Turning Ten…For the Fourth Time

I turn ten for the fourth time tomorrow.

That’s the big 4-0 to the rest of the world. As in, four decades.  Bless it.  I still can’t believe it. So cliche, I know, but until you’ve arrived, you will never fully appreciate how much your youthful brain is still telling you you’re not a day past 25. Seriously. The other day at school, I told my students that my Husband was planning a surprise for me, and one little guy who has taken to giving me engulfing bear hugs about five times a day looked at me incredulously and said, “You have a HUSBAND????????”

Which is to say (or, what I think he meant): “Your youthful appearance defies that you be old enough for such adult behaviour.” Something akin to that thought.

Whatever…

I am not dealing well with this “going past the thirties” birthday business, so thankfully Husband skipped the Over the Hill party and booked a weekend getaway instead.

Good call.

Except.  Now I feel like the comraderie would have helped- what with the onset of depression and all.  Feel free to message me with tips, if you have already reached this milestone. Every little bit of moral support I can muster helps. We need each other, Seniors. Or at least I do- for emotional reinforcement. And the odd back-rub or two.

Husband told me last night that he wasn’t going to lie: “Getting old is not that much fun.”

Thanks sweetie.  That’s just what a girl needs to hear from her OLDER spouse.

However, I do have to give him props for this: planning a semi-surprise for his wife and not letting her in on the secret. That is, not letting her in on the secret until Thursday.  Just three short nights ago, I was at this very instant (or close to it- who’s keeping track) walking hand in hand toward the setting sun, with Husband by my side, as we lazily travelled along the boardwalk at Peake’s Key. Kid-less. That’s “walking sans kidlets”, for those who are not yet fluent in this language. It all seems like a vague and hazy dream right about now.

I half wonder if it was.

Earlier that day, we had packed the van to the gills, dropped off one child’s stuff at Black Grammie’s house. Packed for another to go to across the road. And then packed snacks, games and more stuff for the other two to go to Charlottetown for the night to White Grammie’s house.

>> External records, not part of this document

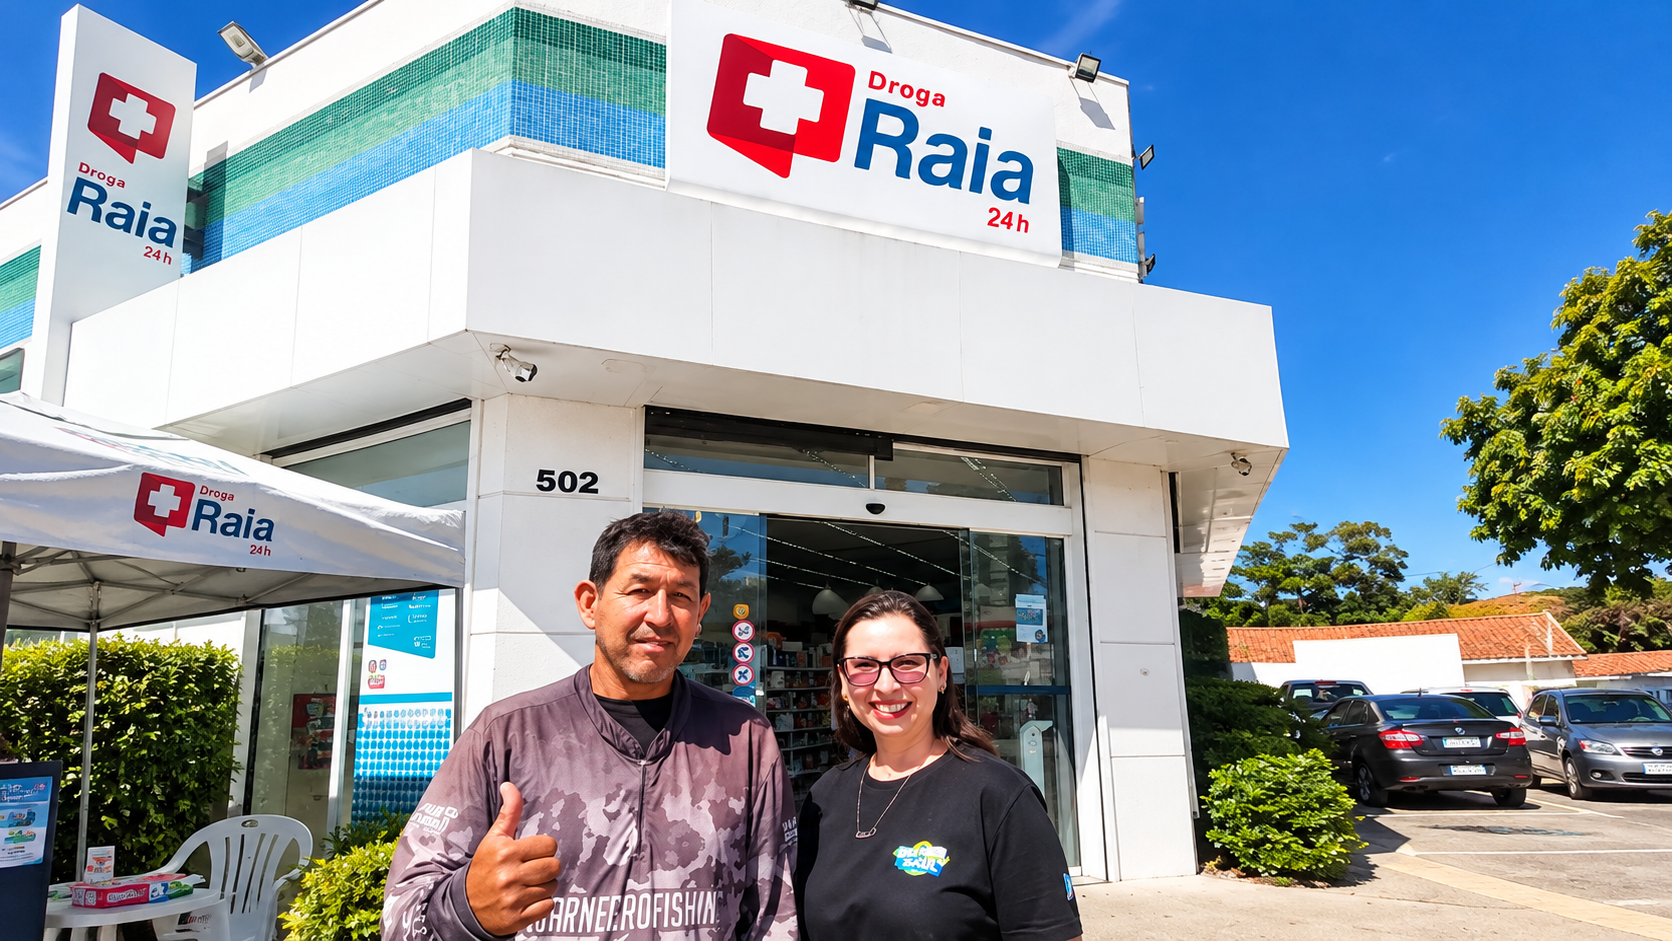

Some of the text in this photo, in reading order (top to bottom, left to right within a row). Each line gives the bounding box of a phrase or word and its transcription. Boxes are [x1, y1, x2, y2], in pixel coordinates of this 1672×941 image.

[867, 70, 946, 107] Droga
[853, 98, 1034, 205] Raia
[78, 161, 126, 189] Droga
[66, 176, 177, 248] Raia
[199, 485, 235, 502] Droga
[536, 469, 599, 495] 502
[191, 498, 275, 542] Raia

It is a lot of work to get away, people. And age has nothing to do with it…

Thankfully, Hubbie remembered this tedious fact and gave me a forty-eight hour heads up. So, it was with exhaustion and anticipation, we made the trek to Dundee Arms Inn in historic Charlottetown. Meanwhile, all that packing wore me out.  I won’t lie: I had a short catnap en route.

I am forty, hello.

At exactly 5:30 p.m., as we pulled out of my parent’s driveway, Husband looked at me and said with a smile, “It’s officially the weekend!”
And so it was. A beautiful weekend, complete with a lovely quiet supper with delicious food and a beautiful room furnished with antiques and an ornate four poster canopy bed. Such a luxury, this weekend getaway. Dearly needed and much appreciated.

And now it’s over. OVER.

I am back to reality once again, only three short nights later. Dirty dishes sitting in the kitchen waiting to be washed. Crud on the floor to be wiped up. Laundry waiting impatiently to be washed and folded. Children needing baths and stories and tuck-ins. Floors to be vacuumed and on and on the list goes.

Because life goes on.

It always does somehow.

Those moments we want to last? They sadly come to a close. As much as we try to hold on to them, they dissolve and fade into our memory. Leaving us with a sentimental feeling as a lasting token of their occurrence. Wondering if they truly ever really happened after all.
As much as we try, life just keeps forging forward.

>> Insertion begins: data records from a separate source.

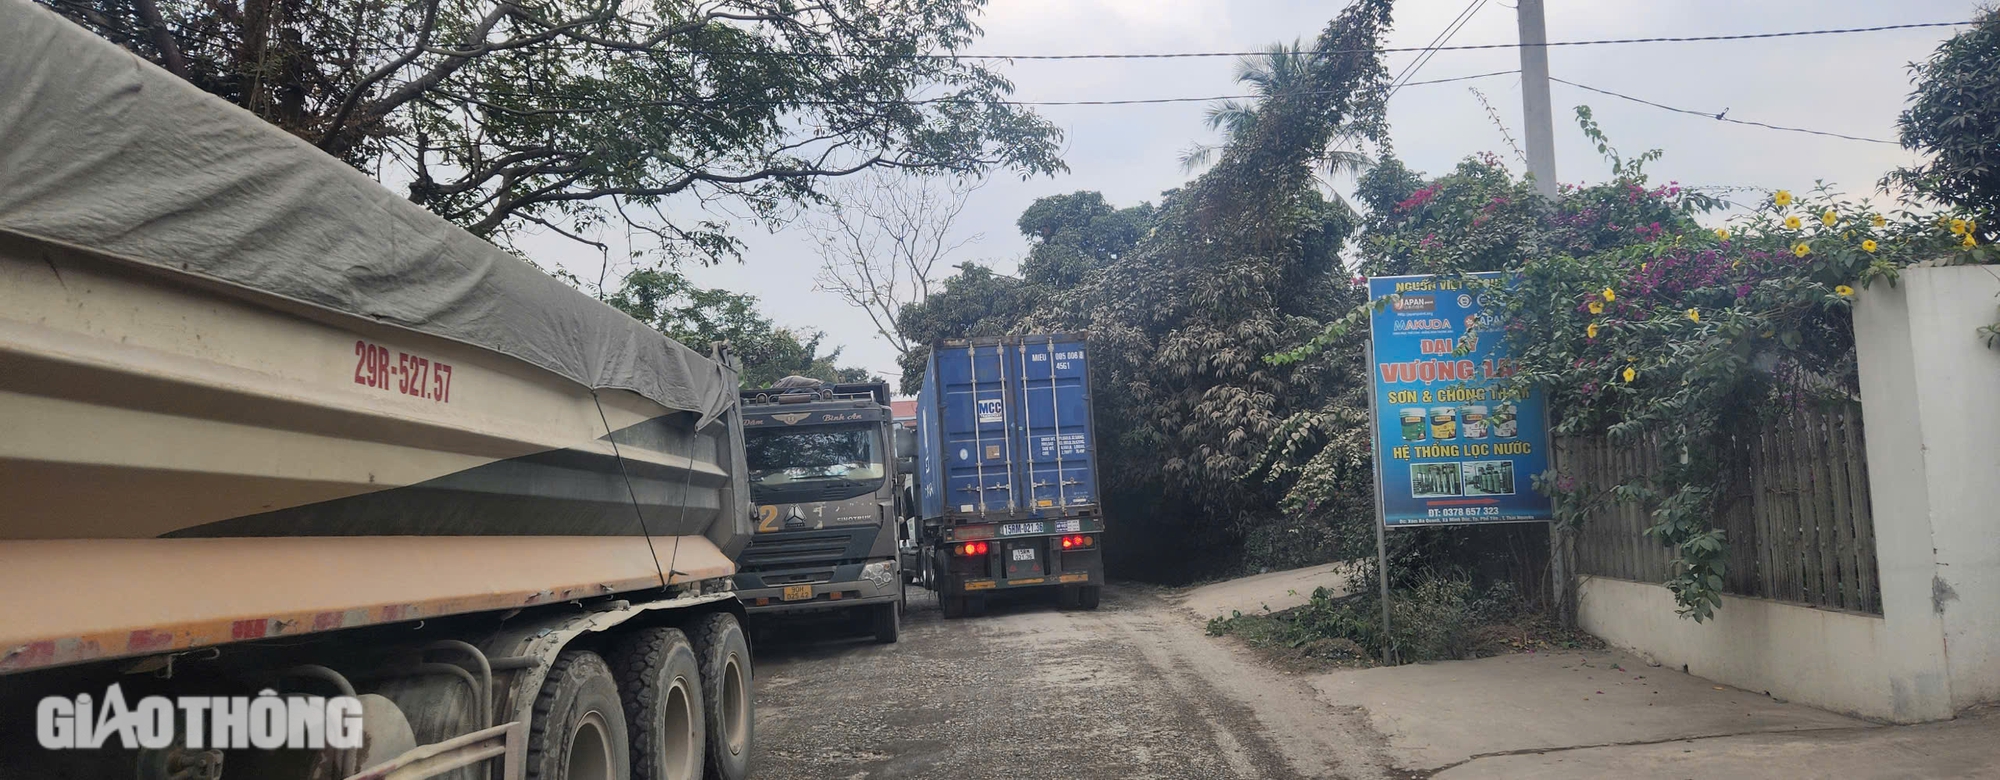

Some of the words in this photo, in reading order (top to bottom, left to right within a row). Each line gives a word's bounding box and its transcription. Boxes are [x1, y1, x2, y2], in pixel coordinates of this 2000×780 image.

[1393, 318, 1452, 331] MAKUDA
[1421, 338, 1453, 356] ĐẠI
[355, 340, 452, 403] 29R-527.57
[1380, 358, 1475, 385] VƯỢNG
[1388, 390, 1417, 404] SƠN
[1422, 390, 1432, 403] &
[979, 402, 1002, 414] MCC
[1393, 444, 1410, 460] HỆ
[1415, 441, 1460, 458] THỐNG
[1464, 443, 1489, 460] LỌC
[1494, 442, 1531, 455] NƯỚC
[1442, 508, 1464, 516] 0378
[1465, 507, 1481, 515] 657
[1483, 506, 1499, 515] 323

And don’t we just wish we could, at times, press the pause button? Maybe not for every moment of the day, but certainly for some of them. Life is just moving past us too quickly.
I for one can hardly keep up.

And now that I am forty years old, I think time will speed by even faster.
It can seem just so discouraging, at times.

I was thinking about this thought the other day- about wanting time to slow down- and my thoughts wandered to some precious loved ones I hold dear. Loved ones who have suffered in various ways and through difficult circumstances. And I realized that for some, time  has been very long. Drawn out. Difficult to bear with and challenging to stay through.

For some, time has been short.  Abbreviated.  Time has quickly come to a close.


For time is only fast and full when we are enjoying and really appreciating  the circumstances of our lives. It’s extremely slow, and at times can even be short when we are not.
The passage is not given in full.